Ketones engage in many organic reactions. The most important reactions follow from the susceptibility of the carbonyl carbon toward nucleophilic addition and the tendency for the enolates to add to electrophiles. Nucleophilic additions include in approximate order of their generality:[6]

  • With water (hydration) gives geminal diols, which are usually not formed in appreciable (or observable) amounts
  • With an acetylide to give the α-hydroxyalkyne
  • With ammonia or a primary amine gives an imine
  • With secondary amine gives an enamine
  • With Grignard and organolithium reagents to give, after aqueous workup, a tertiary alcohol
  • With an alcohols or alkoxides to gives the hemiketal or its conjugate base. With a diol to the ketal. This reaction is employed to protect ketones.
  • With sodium amide resulting in C-C bond cleavage with formation of the amide RCONH2 and the alkane R'H, a reaction called the Haller-Bauer reaction.[7]

Electrophilic addition, reaction with an electrophile gives a resonance stabilized cation

Biochemistry

Ketones are pervasive in nature.

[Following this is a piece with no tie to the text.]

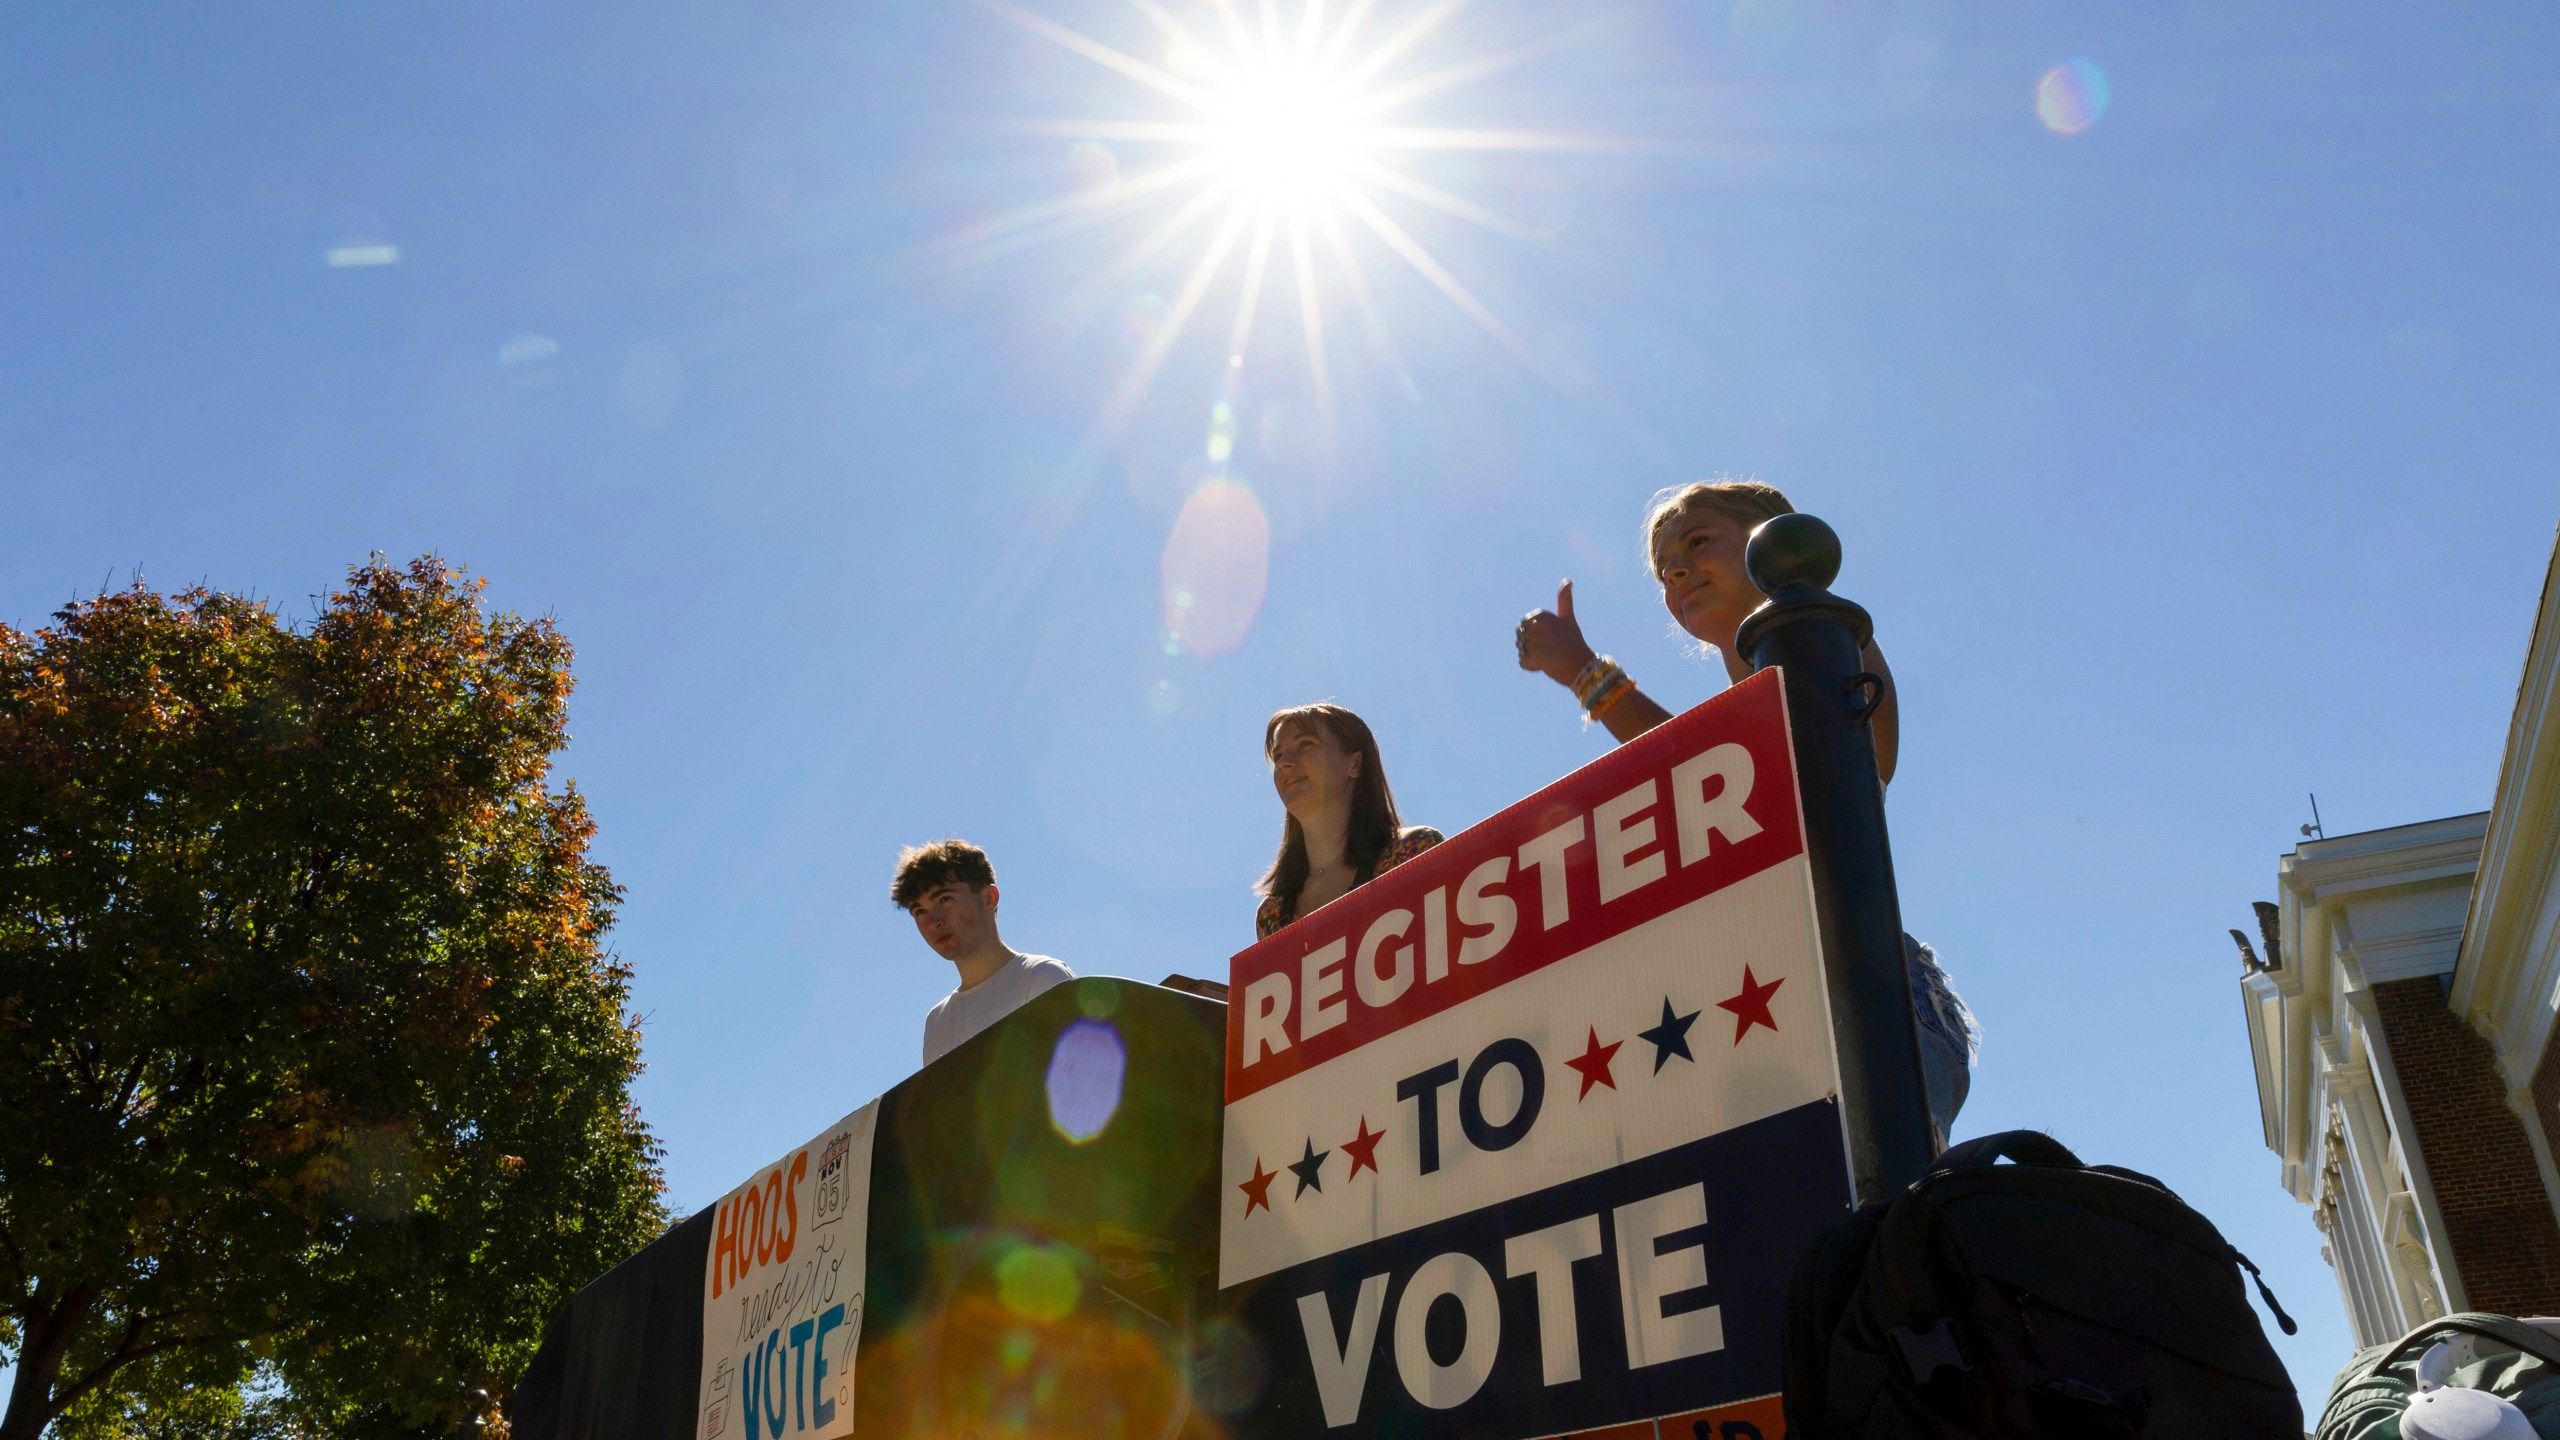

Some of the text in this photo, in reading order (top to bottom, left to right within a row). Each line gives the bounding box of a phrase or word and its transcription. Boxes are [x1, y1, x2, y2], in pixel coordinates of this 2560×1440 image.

The formation of organic compounds in photosynthesis occurs via the ketone ribulose-1,5-bisphosphate. Many sugars are ketones, known collectively as ketoses. The best known ketose is fructose, which exists as a cyclic hemiketal, which masks the ketone functional group. Fatty acid synthesis proceeds via ketones. Acetoacetate is an intermediate in the Kreb cycle which releases energy from sugars and carbohydrates.[8]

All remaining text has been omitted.